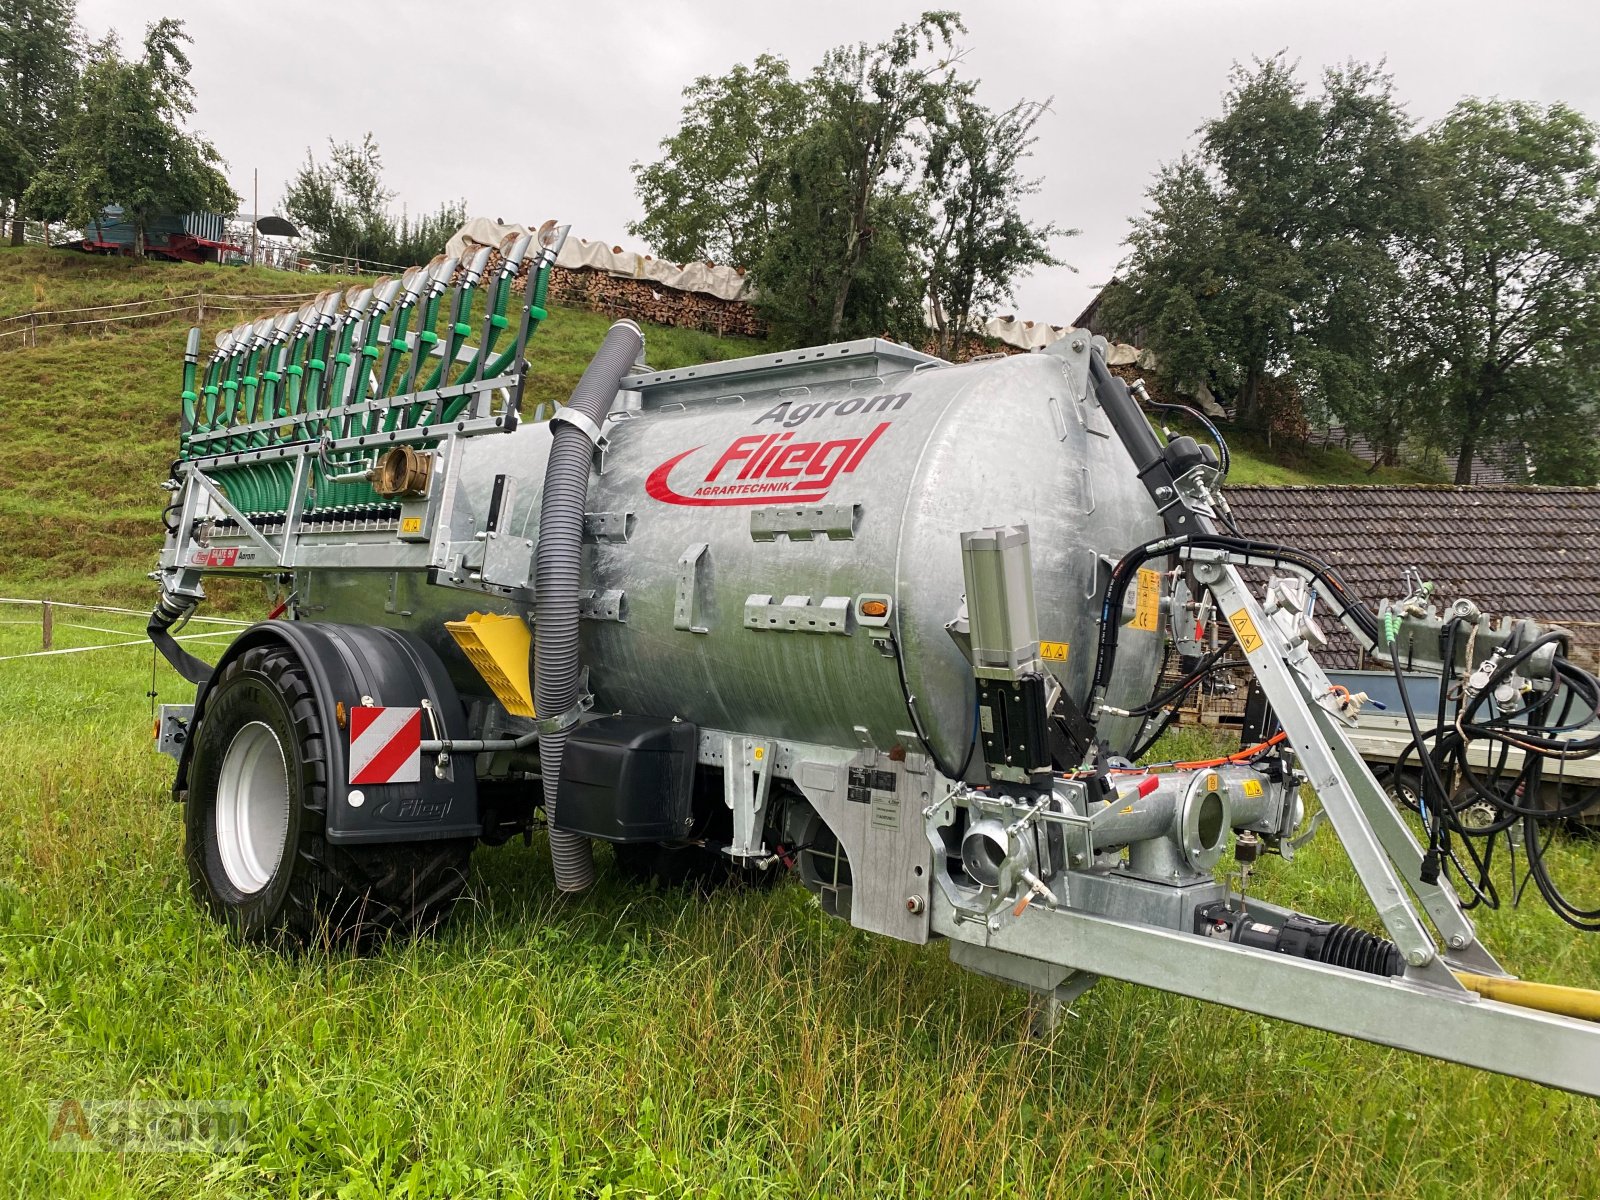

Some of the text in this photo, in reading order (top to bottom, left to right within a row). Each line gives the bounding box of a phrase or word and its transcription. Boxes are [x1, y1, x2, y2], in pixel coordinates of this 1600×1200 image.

[752, 392, 912, 428] Agrom
[704, 421, 892, 491] Fliegl
[694, 481, 793, 496] AGRARTECHNIK
[398, 797, 454, 820] Fliegl
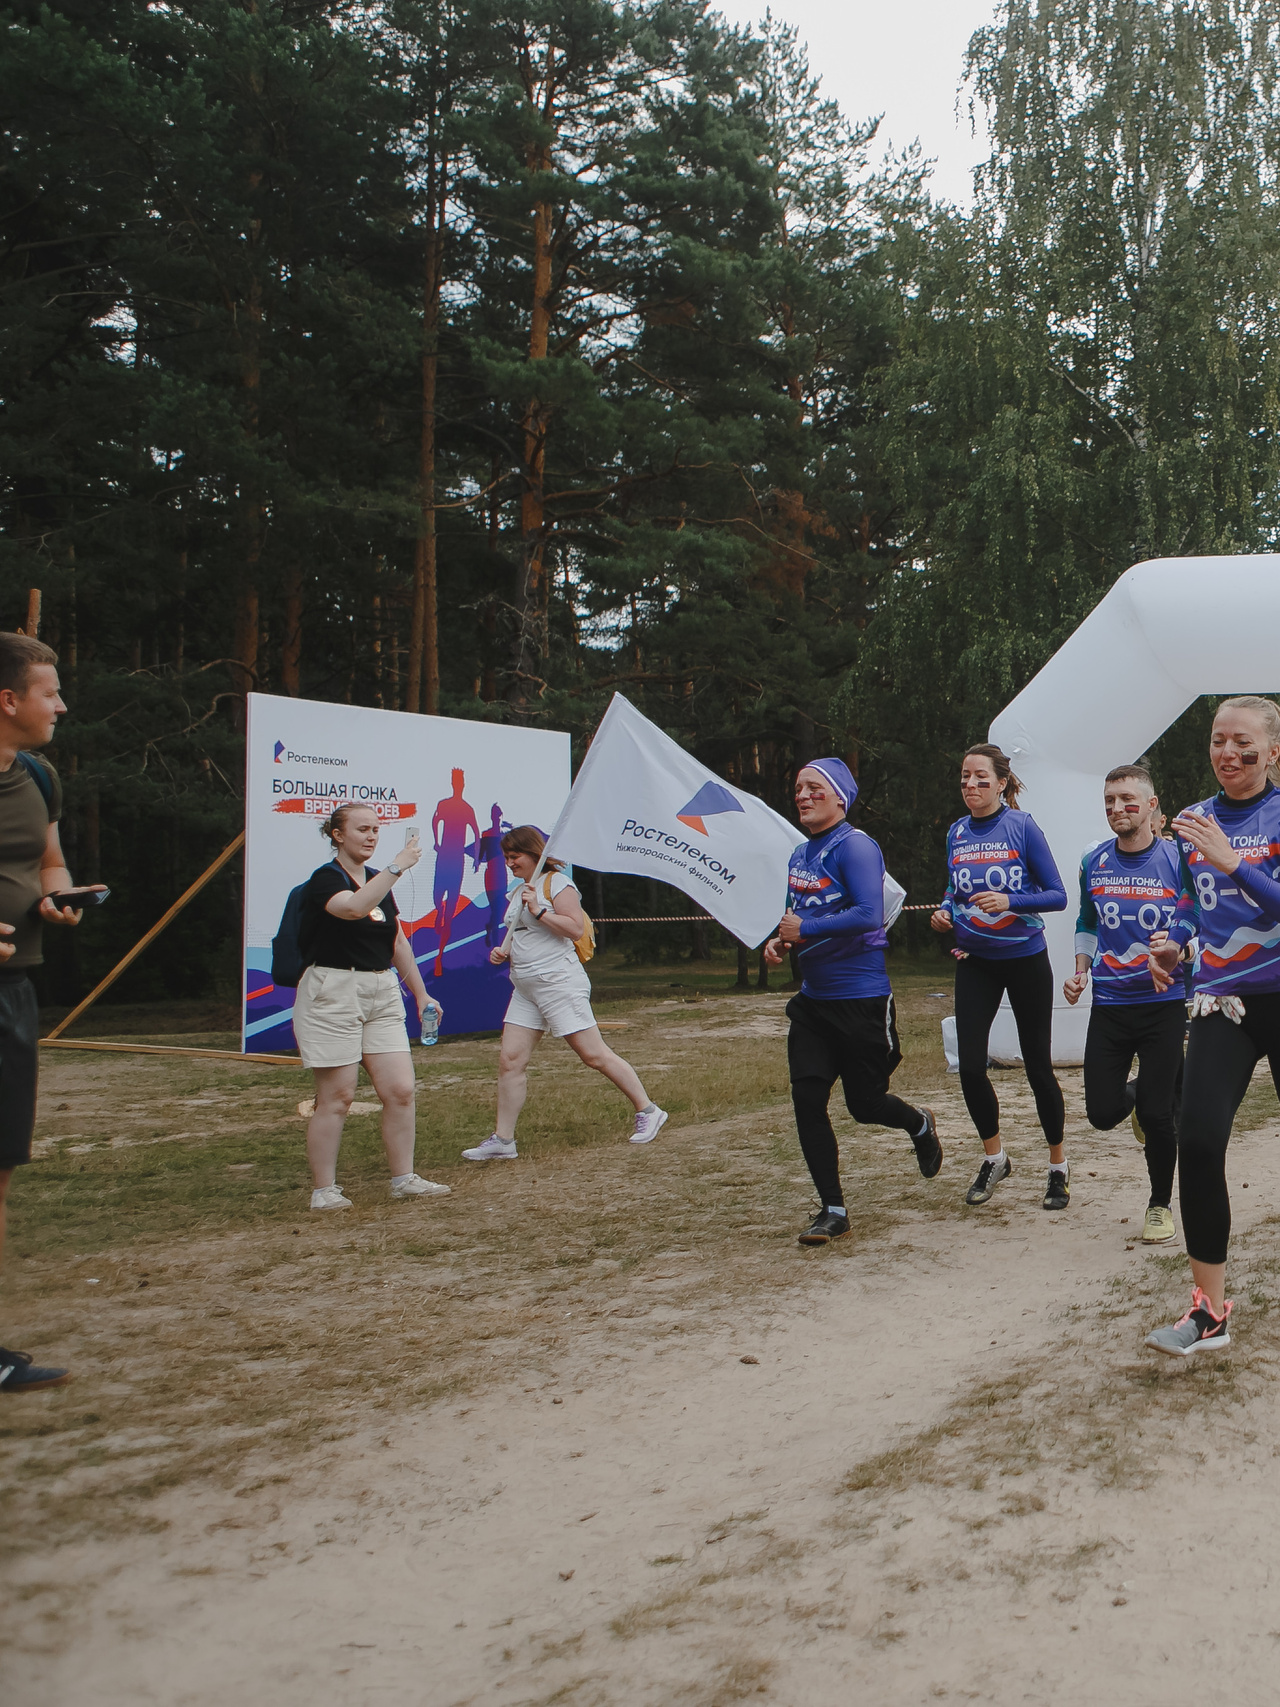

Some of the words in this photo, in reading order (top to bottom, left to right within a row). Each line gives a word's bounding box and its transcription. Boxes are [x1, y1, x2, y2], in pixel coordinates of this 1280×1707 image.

Task statement. Print, word for word, every entry shown above; the pictures stay out.

Written response.
Some of the text in this photo, in reading order (top to bottom, left to right within a row). Each line gives the bounding box of a phrase or word and its transcription. Boxes are [x1, y1, x2, y2], in pixel coordinates of this 1600×1200 image.

[752, 392, 912, 428] Agrom
[704, 421, 892, 491] Fliegl
[694, 481, 793, 496] AGRARTECHNIK
[398, 797, 454, 820] Fliegl

Some of the words in this photo, in reading order (top to bottom, left to right within a row). Each line gives a word's bounding box and its transcription. Boxes are [x1, y1, x2, y2], in pixel coordinates of this 1280×1707 image.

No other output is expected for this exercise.